El restaurante era asombroso. Situado en la cima de un acantilado, con vistas al mar, una de sus paredes era una cristalera que ofrecía una panorámica espectacular de la luna y las olas estrellándose contra las rocas. La iluminación era tenue, como si cada lámpara hubiera sido elegida para definir la oscuridad, en vez de paliarla.

La suave música que tocaba un trío de jazz acompañaba al sonido de las copas de cristal y el murmullo de las conversaciones. En el centro de cada mesa redonda había una vela encendida; el efecto de docenas de llamas bailando era casi mágico.

En conjunto, había sido una velada perfecta. Adam había sido considerado y agradable y no había hecho la más mínima referencia a la oferta de Sal. Gina estaba disfrutando, pero los nervios le habían cosquilleado el estómago desde que se sentaron.

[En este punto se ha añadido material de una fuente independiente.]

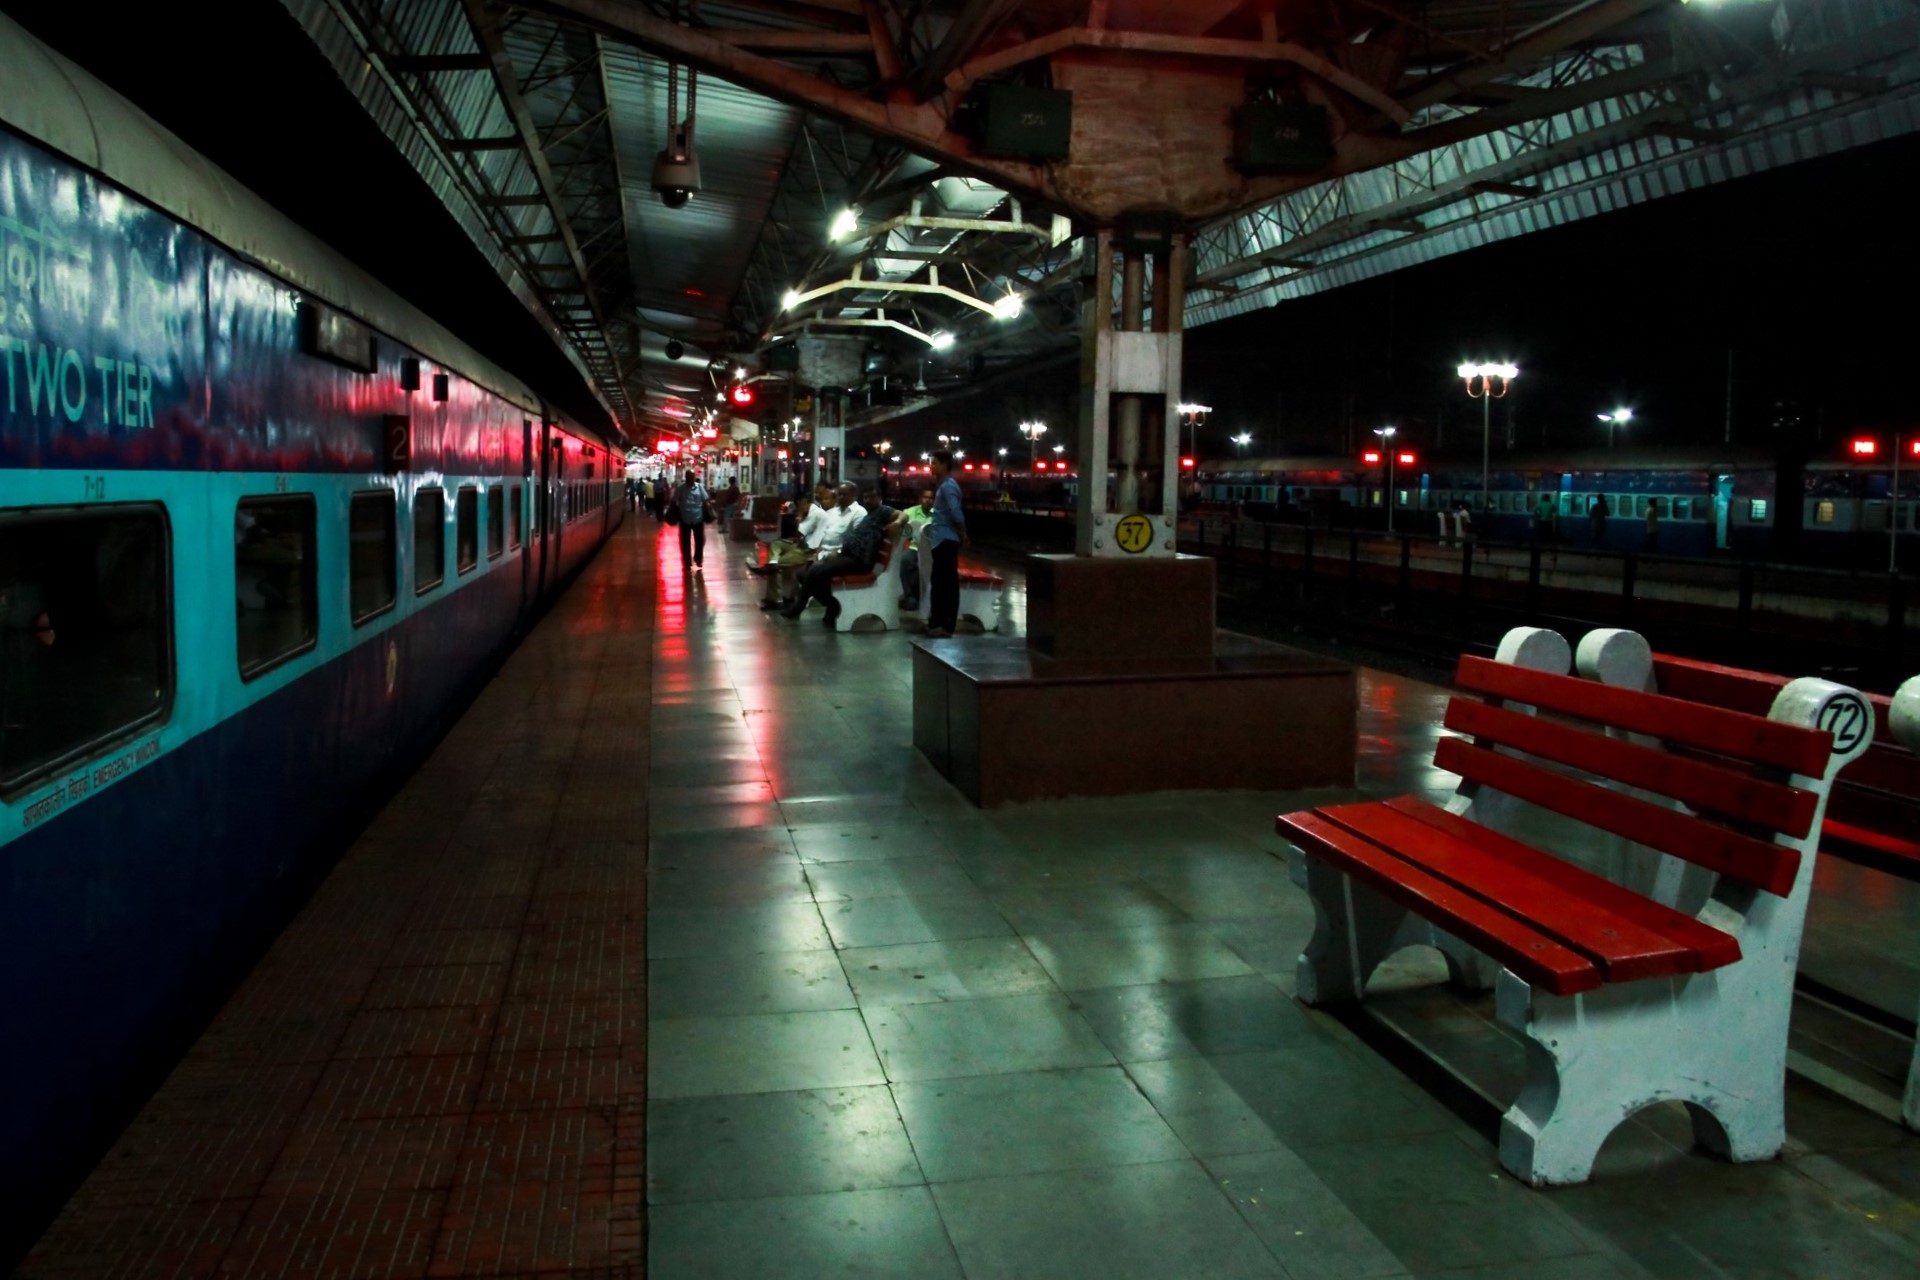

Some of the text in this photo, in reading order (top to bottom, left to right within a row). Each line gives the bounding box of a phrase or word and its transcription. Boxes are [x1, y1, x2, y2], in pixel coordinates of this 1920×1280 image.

La cena había concluido y estaban tomando la última taza de café antes de partir; se le había acabado el tiempo.

O bien le hacía a Adam su propia oferta, o recuperaba la cordura y olvidaba todo el asunto. Contempló el incesante vaivén de las olas y los destellos de espuma blanca que surcaban el aire cuando golpeaban las rocas.

– ¿En qué piensas?

– ¿Qué? -volvió la cabeza y comprobó que Adam la observaba con una sonrisa curiosa-. Disculpa. Mi mente vagaba.